Source records Block Start
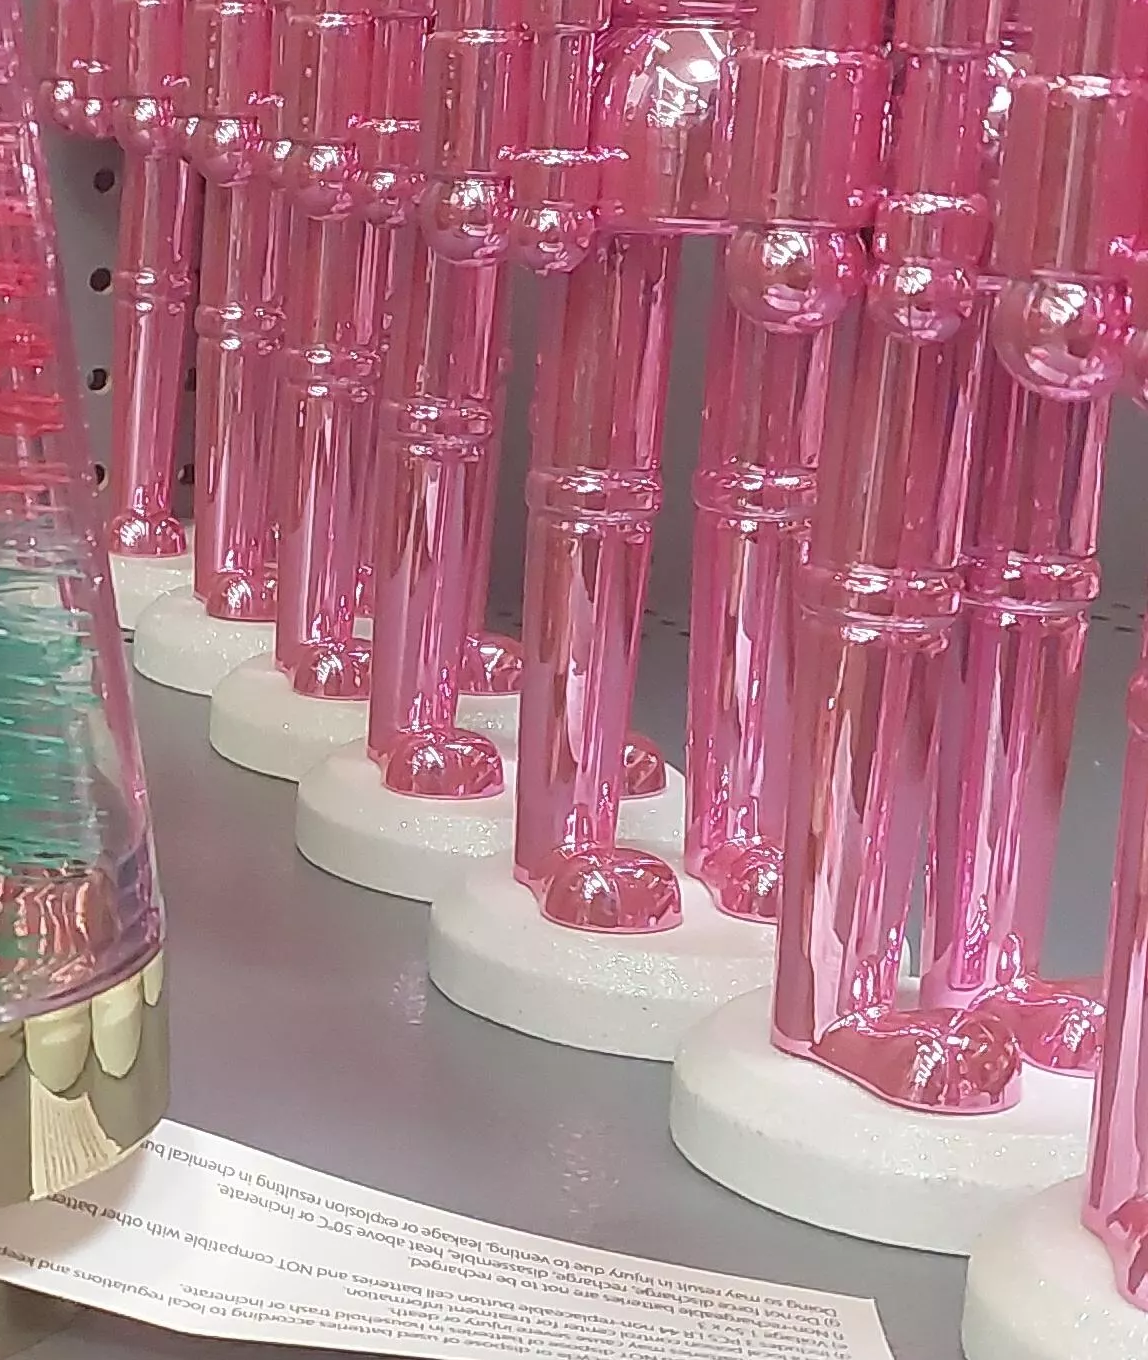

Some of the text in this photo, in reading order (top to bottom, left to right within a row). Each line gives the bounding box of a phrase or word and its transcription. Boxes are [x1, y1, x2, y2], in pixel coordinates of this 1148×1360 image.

[168, 1146, 235, 1177] chemical
[240, 1171, 252, 1186] in
[256, 1174, 321, 1205] resulting
[217, 1183, 295, 1219] incinerate.
[101, 1208, 143, 1229] other
[298, 1211, 314, 1222] or
[325, 1199, 398, 1228] explosion
[146, 1221, 180, 1240] with
[317, 1216, 352, 1236] 50°C
[402, 1223, 418, 1235] or
[357, 1227, 405, 1248] above
[421, 1227, 481, 1252] leakage
[184, 1233, 274, 1264] compatible
[408, 1239, 443, 1259] heat
[39, 1260, 70, 1274] and
[277, 1259, 312, 1276] NOT
[408, 1257, 491, 1281] recharged.
[447, 1249, 548, 1279] disassemble,
[553, 1260, 569, 1269] to
[573, 1263, 604, 1276] due
[317, 1268, 347, 1281] and
[496, 1276, 516, 1287] be
[552, 1271, 627, 1293] recharge,
[609, 1268, 653, 1286] injury
[73, 1270, 163, 1300] regulations
[352, 1275, 422, 1296] batteries
[521, 1280, 537, 1290] to
[542, 1283, 569, 1294] not
[658, 1279, 672, 1289] in
[677, 1282, 721, 1296] result
[180, 1284, 263, 1307] incinerate.
[343, 1286, 443, 1311] information.
[427, 1290, 454, 1300] cell
[458, 1295, 514, 1311] button
[574, 1290, 599, 1299] are
[631, 1286, 714, 1309] discharge,
[725, 1290, 760, 1303] may
[764, 1298, 782, 1307] so
[168, 1296, 204, 1314] local
[210, 1306, 226, 1316] to
[268, 1301, 284, 1310] or
[290, 1304, 330, 1317] trash
[603, 1294, 674, 1314] batteries
[719, 1302, 759, 1316] force
[787, 1300, 836, 1317] Doing
[232, 1308, 315, 1326] according
[335, 1311, 423, 1331] household
[448, 1304, 530, 1324] treatment
[518, 1305, 654, 1332] non-replaceable
[765, 1310, 790, 1320] not
[796, 1315, 819, 1326] Do
[320, 1321, 392, 1337] batteries
[465, 1318, 512, 1332] injury
[536, 1319, 558, 1329] for
[679, 1307, 829, 1339] Non-rechargeable
[398, 1331, 438, 1341] used
[464, 1341, 531, 1353] dispose
Source records Block End
◆ What you have to do ◆
Before you finish, make sure every line above has been repeated exactly and no picture remains in the copy.

◆ Result ◆
Some of the text in this photo, in reading order (top to bottom, left to right within a row). Each line gives the bounding box of a phrase or word and its transcription. Boxes are [x1, y1, x2, y2], in pixel coordinates of this 1148×1360 image.

[168, 1146, 235, 1177] chemical
[240, 1171, 252, 1186] in
[256, 1174, 321, 1205] resulting
[217, 1183, 295, 1219] incinerate.
[101, 1208, 143, 1229] other
[298, 1211, 314, 1222] or
[325, 1199, 398, 1228] explosion
[146, 1221, 180, 1240] with
[317, 1216, 352, 1236] 50°C
[402, 1223, 418, 1235] or
[357, 1227, 405, 1248] above
[421, 1227, 481, 1252] leakage
[184, 1233, 274, 1264] compatible
[408, 1239, 443, 1259] heat
[39, 1260, 70, 1274] and
[277, 1259, 312, 1276] NOT
[408, 1257, 491, 1281] recharged.
[447, 1249, 548, 1279] disassemble,
[553, 1260, 569, 1269] to
[573, 1263, 604, 1276] due
[317, 1268, 347, 1281] and
[496, 1276, 516, 1287] be
[552, 1271, 627, 1293] recharge,
[609, 1268, 653, 1286] injury
[73, 1270, 163, 1300] regulations
[352, 1275, 422, 1296] batteries
[521, 1280, 537, 1290] to
[542, 1283, 569, 1294] not
[658, 1279, 672, 1289] in
[677, 1282, 721, 1296] result
[180, 1284, 263, 1307] incinerate.
[343, 1286, 443, 1311] information.
[427, 1290, 454, 1300] cell
[458, 1295, 514, 1311] button
[574, 1290, 599, 1299] are
[631, 1286, 714, 1309] discharge,
[725, 1290, 760, 1303] may
[764, 1298, 782, 1307] so
[168, 1296, 204, 1314] local
[210, 1306, 226, 1316] to
[268, 1301, 284, 1310] or
[290, 1304, 330, 1317] trash
[603, 1294, 674, 1314] batteries
[719, 1302, 759, 1316] force
[787, 1300, 836, 1317] Doing
[232, 1308, 315, 1326] according
[335, 1311, 423, 1331] household
[448, 1304, 530, 1324] treatment
[518, 1305, 654, 1332] non-replaceable
[765, 1310, 790, 1320] not
[796, 1315, 819, 1326] Do
[320, 1321, 392, 1337] batteries
[465, 1318, 512, 1332] injury
[536, 1319, 558, 1329] for
[679, 1307, 829, 1339] Non-rechargeable
[398, 1331, 438, 1341] used
[464, 1341, 531, 1353] dispose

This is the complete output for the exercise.